Время от времени мы с Ларисой туда наведываемся. Обе мы из породы людей вещных, обе понимаем толк в той самой «пуговице» Врубеля. Ну а мне хотелось развеяться после года тяжёлой работы. Лариса как раз прочитала мой роман и, пока мы ехали, не переставала его обсуждать.

«Вы там написали, что героиня, Анна, – внучка Вольфа Мессинга. Не боитесь, что наследники предъявят претензии?»

«Да что вы, Лара, – снисходительно отвечала я, – это же роман, художественное произведение, со-чи-не-ние праздного ума. Кроме того, у Мессинга детей не было».

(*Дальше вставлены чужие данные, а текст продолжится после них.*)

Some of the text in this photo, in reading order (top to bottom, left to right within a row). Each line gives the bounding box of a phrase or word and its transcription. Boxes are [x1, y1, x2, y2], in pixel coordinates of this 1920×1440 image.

«Хорошо, тогда – племянница какая-нибудь. Прочитает племянница вашу книгу и в суд на вас подаст».

«Лара, – говорю, – о племяннице ничего не знаю. И откуда ей взяться: Мессинг перед войной бежал из Польши в Советский Союз, все его родственники наверняка погибли в концлагерях».

И вот мы едем так и приезжаем в Яффо, паркуемся, бродим по улочкам и развалам блошиного рынка, и Лариса нет-нет да вспомнит эту мифическую «племянницу Вольфа Мессинга»; видно, ей нравилось меня дразнить. А вдруг, мол, выскочит та в самый непредвиденный момент и ну судиться?»

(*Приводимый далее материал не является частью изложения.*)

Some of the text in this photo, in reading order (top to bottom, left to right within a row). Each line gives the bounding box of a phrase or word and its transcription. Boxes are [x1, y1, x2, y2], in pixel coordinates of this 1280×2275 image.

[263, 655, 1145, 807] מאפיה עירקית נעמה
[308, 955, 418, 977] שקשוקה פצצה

«Лара, – говорю, – перестаньте морочить мне голову!»


Бродили мы часа четыре. Я купила колпак жёлтого стекла на бронзовую лампу в виде обнажённой девушки – в спальне у меня стоит. Лариса – серебряную шпротную вилочку с рыбьим хвостом (которую год спустя я поместила на рисунок молодого Пикассо, найденный Захаром Кордовиным в дедовой папке с картинами).

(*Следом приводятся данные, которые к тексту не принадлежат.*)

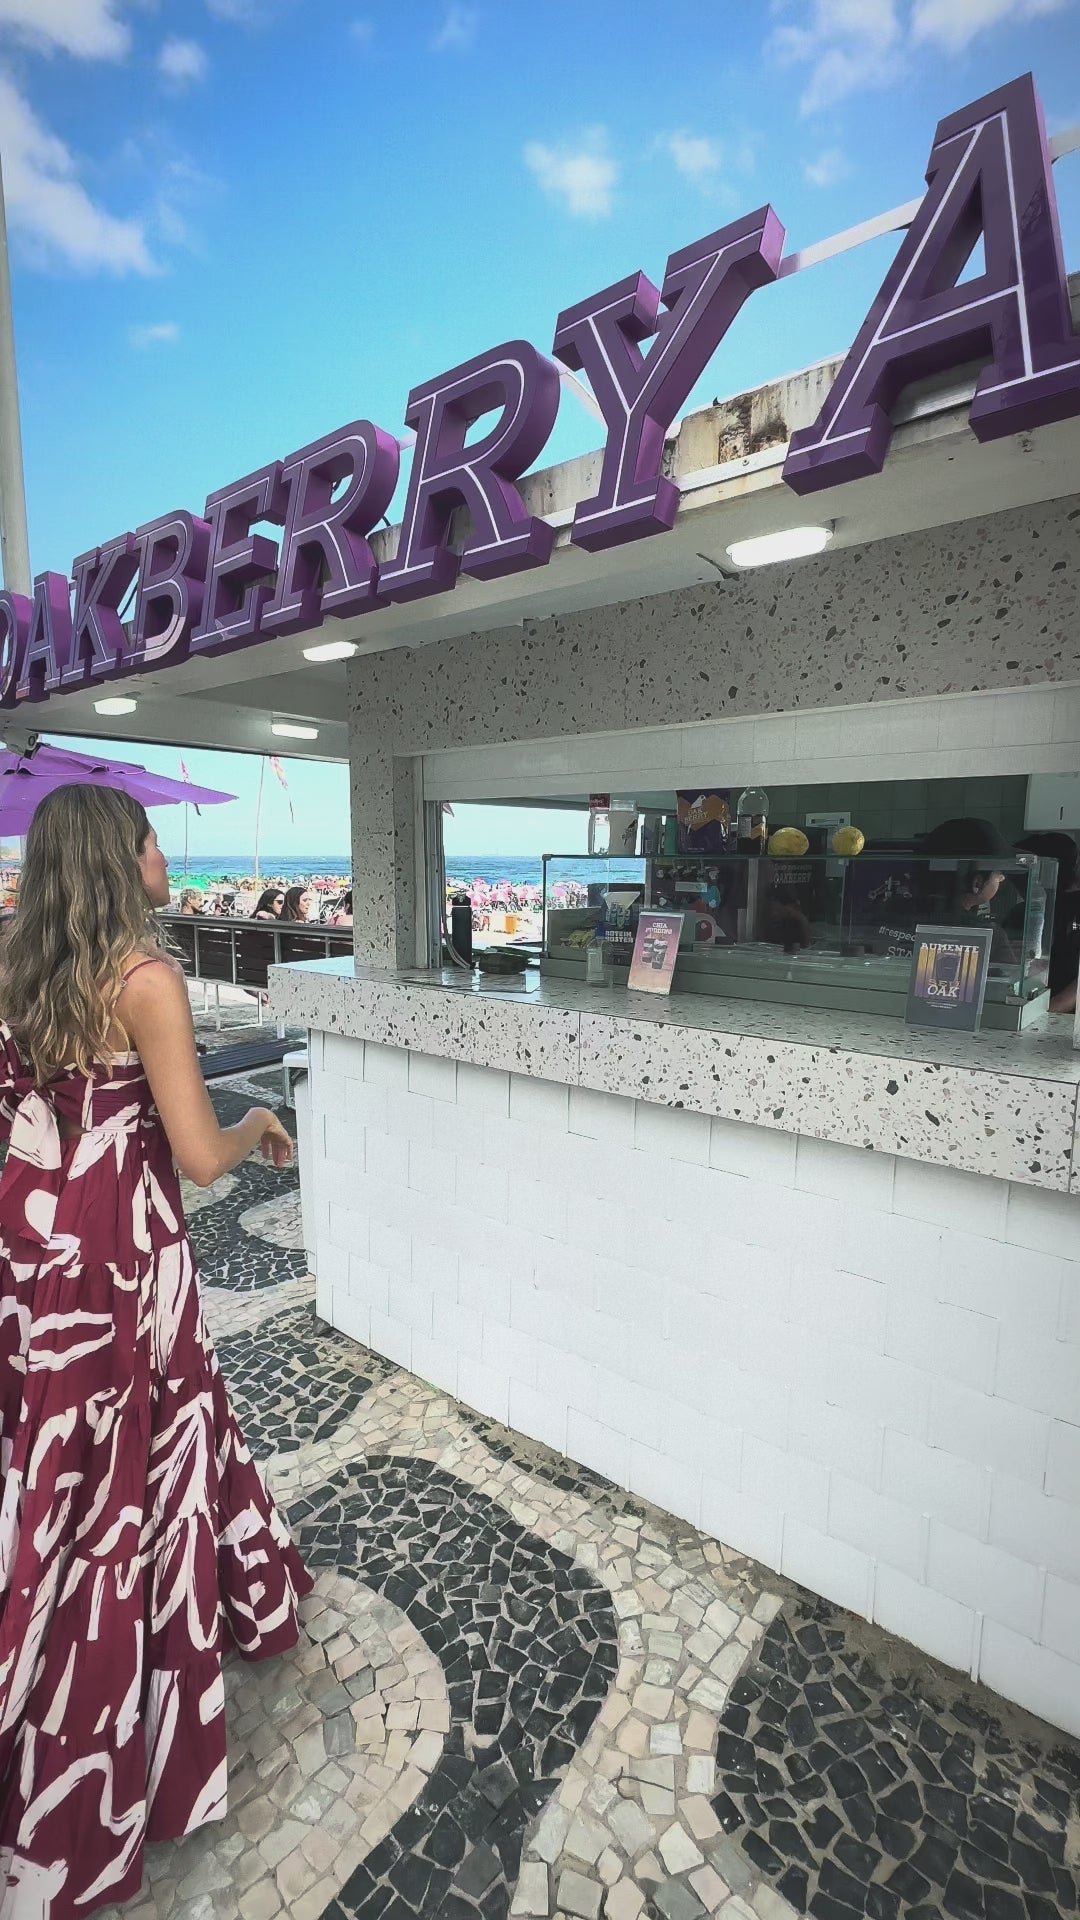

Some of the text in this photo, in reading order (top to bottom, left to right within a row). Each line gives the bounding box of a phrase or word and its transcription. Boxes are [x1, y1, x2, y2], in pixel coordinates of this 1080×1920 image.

Посидели в кофейне, выпили капучино, поболтали… Подхватились возвращаться в Иерусалим.

«Смотрите, какая милая винтажная лавочка! Вон, напротив, – сказала Лариса. – Пошли заглянем?»

У Ларисы коллекция клатчей. Вот она и углядела в открытой настежь двери свисавщую с этажерки серебряную сумочку-клатч.

Входим, осматриваемся… Люблю золотисто-ореховый сумрак душноватых лавок старого Яффо, переполненных разным загадочным и заманчивым старьём. Но содержимое здешней лавки оказалось старьём буквальным, и потому, бросив по сторонам взгляд, я сразу повернулась – выйти.

Тут к нам из глубины магазина выскочила крошечная женщина: мелко курчавая, круглые чёрные глаза широко расставлены на скуластом личике:

«Вот вас-то я жду!»

«Чего-эт ты нас ждёшь? – удивлённо спрашивает Лариса. – Мы что, знакомы?»

«Не знакомы. А просто у меня две шляпки есть как раз на ваши головы…»

Ну, ясно… Обычная бойкая торговка блошиного рынка. Они с Ларисой зацепились языками, я стою, оглядываю полки, столы-табуреты…

«А ты – откуда?» – вдруг спрашивает меня женщина-гном.

«Из Маале-Адумим».

«Нет, ты откуда приехала?»

Господи, вот репей приставучий. Не куплю я ничего в твоей лавке. А Лариса, как назло, пошла перебирать барахло. Чтобы женщинка отвязалась, отвечаю: «Из России».

«Я Россию люблю, – говорит она. – У меня там дядя жил и умер. Знаменитый был. Может, и ты слыхала: Вольф Мессинг?»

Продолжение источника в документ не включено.